WORK INSTRUCTIONS:
Down to the last line, write out the entries below exactly and omit all pictures.

DATA SHOWN:
⁂

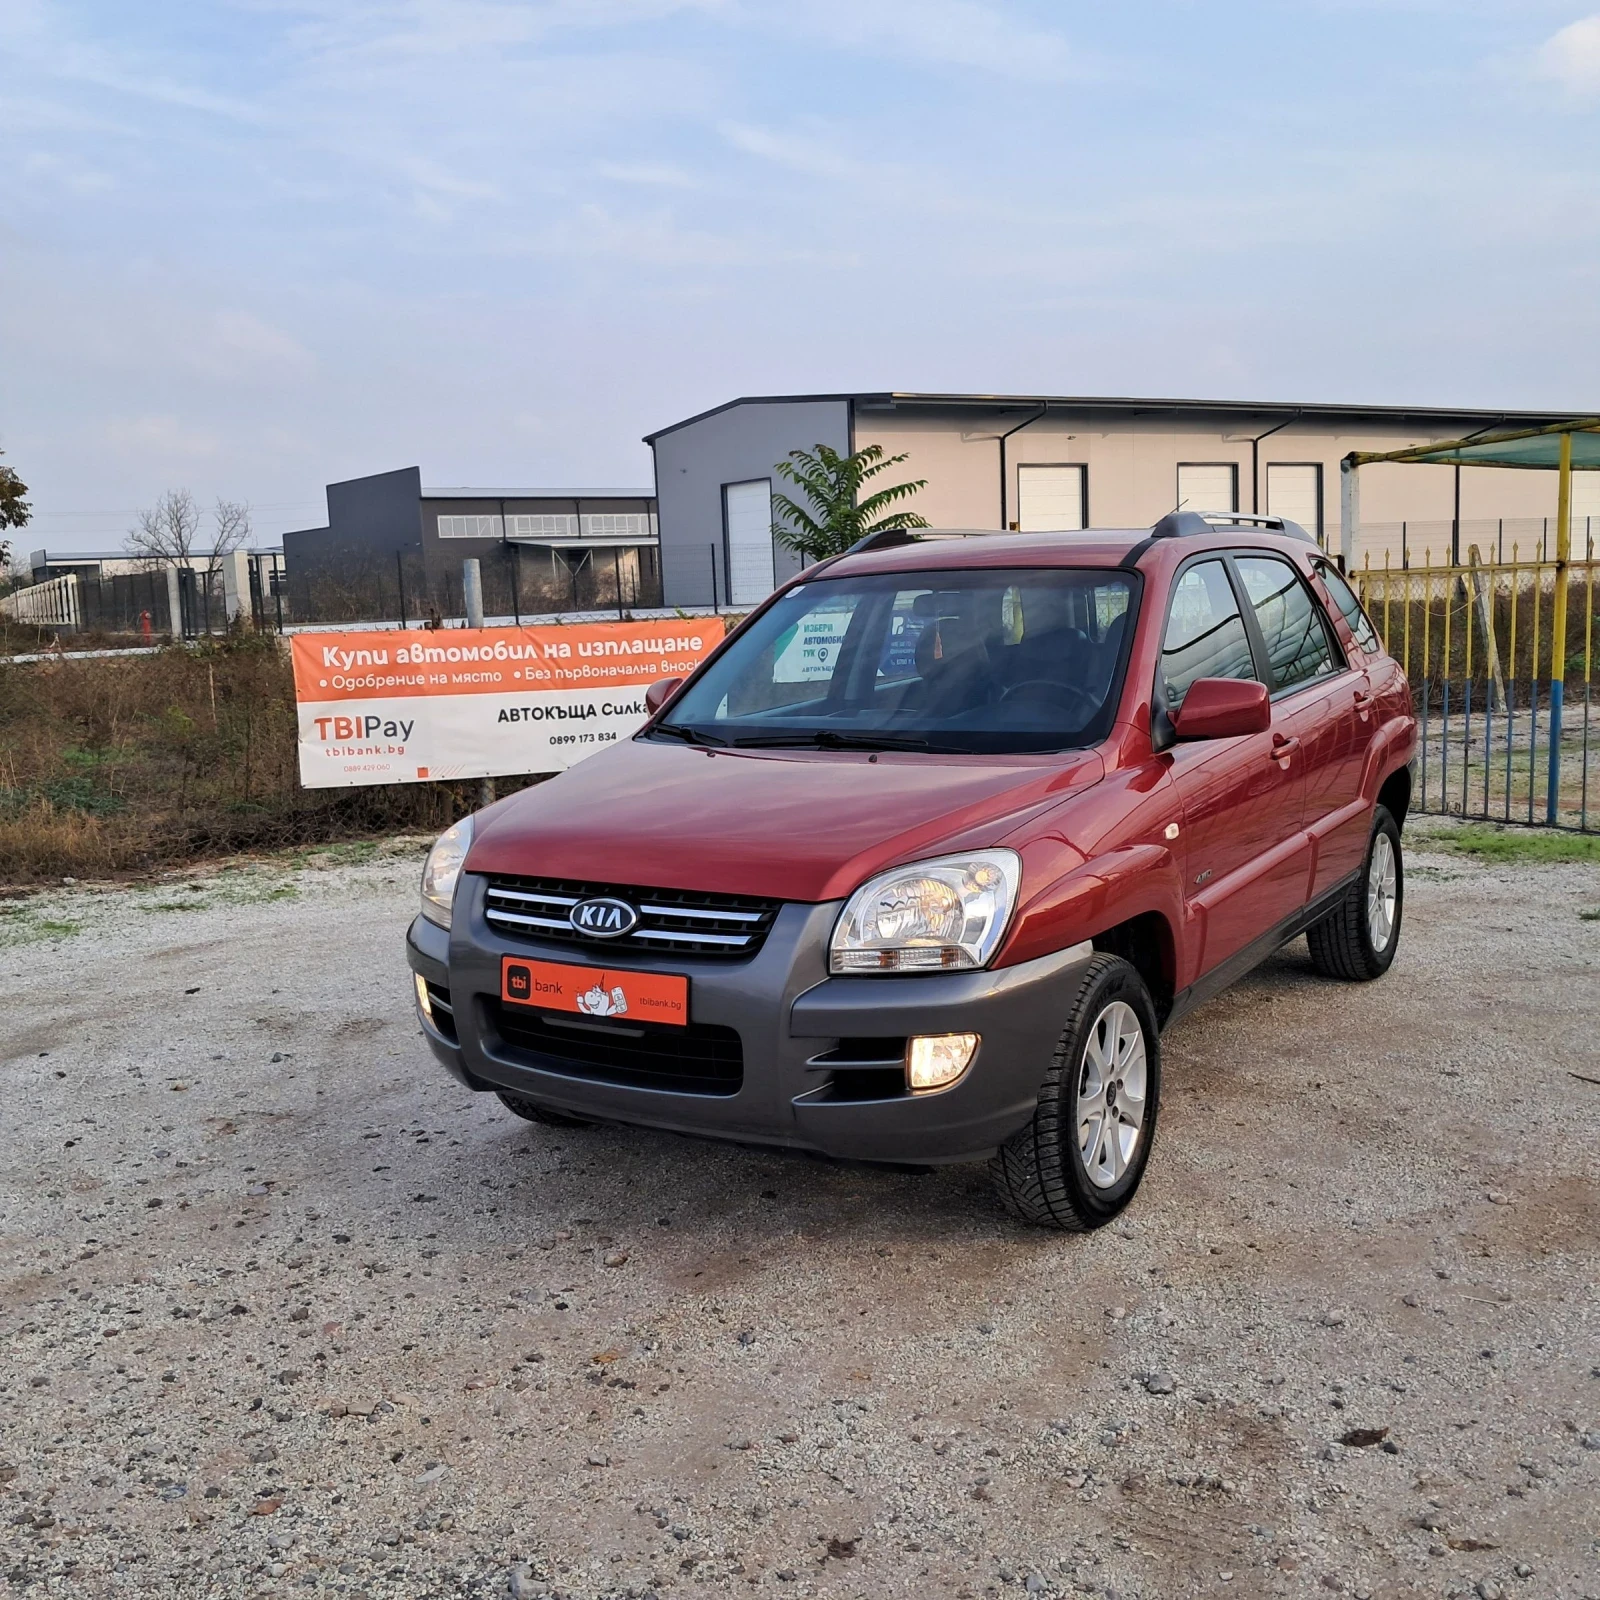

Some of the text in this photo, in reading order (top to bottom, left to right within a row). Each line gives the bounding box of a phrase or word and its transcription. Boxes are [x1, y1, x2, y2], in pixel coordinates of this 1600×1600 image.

[803, 623, 833, 633] ИЗБЕРИ
[322, 635, 703, 671] Купи автомобил на изплащане
[803, 649, 815, 658] ТУК
[332, 671, 502, 691] Одобрение на място
[525, 666, 551, 680] Без
[555, 662, 657, 681] първоначална
[498, 703, 597, 722] АВТОКЪЩА
[314, 715, 415, 742] TBIPay
[549, 731, 617, 745] 0899 173 834
[326, 744, 405, 757] tbibank.bg
[343, 763, 391, 773] 0889 429 060
[580, 905, 622, 929] KIA
[511, 975, 563, 995] tbi bank
[639, 997, 682, 1010] tbibank.bg
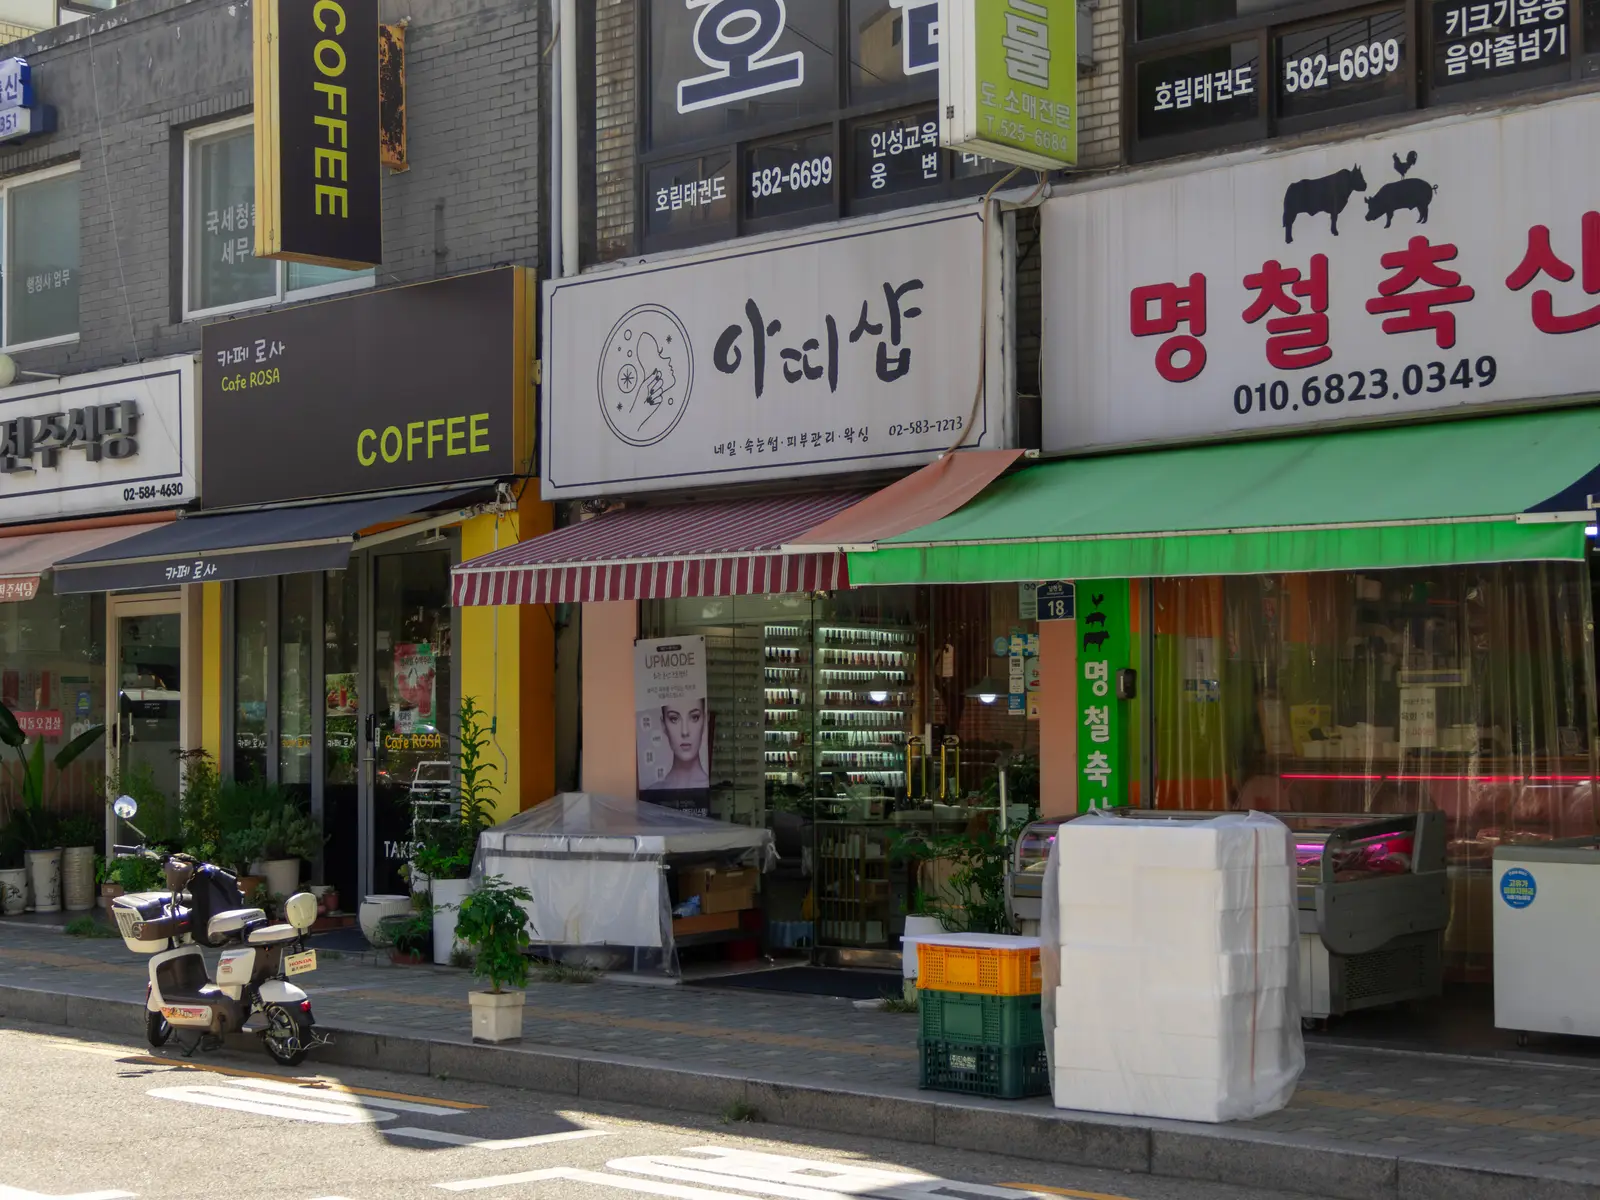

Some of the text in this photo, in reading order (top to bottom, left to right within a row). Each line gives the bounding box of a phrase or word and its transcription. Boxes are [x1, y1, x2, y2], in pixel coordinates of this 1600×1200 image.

[1285, 38, 1399, 93] 582-6699
[1445, 23, 1567, 76] 음악줄넘기
[0, 72, 18, 101] 신
[1154, 66, 1254, 111] 호림태권도
[313, 0, 348, 218] COFFEE
[870, 120, 938, 158] 인성교육
[751, 156, 833, 198] 582-6699
[655, 176, 726, 211] 호림태권도
[26, 269, 70, 294] 행정사 업무
[217, 339, 286, 367] 카페 로사
[713, 278, 924, 399] 아띠샵
[221, 367, 280, 392] Cafe ROSA
[1233, 354, 1498, 416] 010.6823.0349
[0, 399, 139, 474] 전주식당
[356, 412, 490, 467] COFFEE
[888, 416, 963, 438] 02-583-7273
[123, 482, 183, 501] 02-584-4630
[165, 561, 218, 580] 카페 로사
[1047, 599, 1065, 616] 18
[645, 652, 695, 669] UPMODE
[384, 733, 442, 749] Cafe ROSA
[289, 957, 313, 968] HONDA

⁂

RESULT OF THIS TASK:
Some of the text in this photo, in reading order (top to bottom, left to right within a row). Each line gives the bounding box of a phrase or word and its transcription. Boxes are [x1, y1, x2, y2], in pixel coordinates of this 1600×1600 image.

[803, 623, 833, 633] ИЗБЕРИ
[322, 635, 703, 671] Купи автомобил на изплащане
[803, 649, 815, 658] ТУК
[332, 671, 502, 691] Одобрение на място
[525, 666, 551, 680] Без
[555, 662, 657, 681] първоначална
[498, 703, 597, 722] АВТОКЪЩА
[314, 715, 415, 742] TBIPay
[549, 731, 617, 745] 0899 173 834
[326, 744, 405, 757] tbibank.bg
[343, 763, 391, 773] 0889 429 060
[580, 905, 622, 929] KIA
[511, 975, 563, 995] tbi bank
[639, 997, 682, 1010] tbibank.bg

Some of the text in this photo, in reading order (top to bottom, left to right within a row). Each line gives the bounding box of a phrase or word and its transcription. Boxes are [x1, y1, x2, y2], in pixel coordinates of this 1600×1200 image.

[1285, 38, 1399, 93] 582-6699
[1445, 23, 1567, 76] 음악줄넘기
[0, 72, 18, 101] 신
[1154, 66, 1254, 111] 호림태권도
[313, 0, 348, 218] COFFEE
[870, 120, 938, 158] 인성교육
[751, 156, 833, 198] 582-6699
[655, 176, 726, 211] 호림태권도
[26, 269, 70, 294] 행정사 업무
[217, 339, 286, 367] 카페 로사
[713, 278, 924, 399] 아띠샵
[221, 367, 280, 392] Cafe ROSA
[1233, 354, 1498, 416] 010.6823.0349
[0, 399, 139, 474] 전주식당
[356, 412, 490, 467] COFFEE
[888, 416, 963, 438] 02-583-7273
[123, 482, 183, 501] 02-584-4630
[165, 561, 218, 580] 카페 로사
[1047, 599, 1065, 616] 18
[645, 652, 695, 669] UPMODE
[384, 733, 442, 749] Cafe ROSA
[289, 957, 313, 968] HONDA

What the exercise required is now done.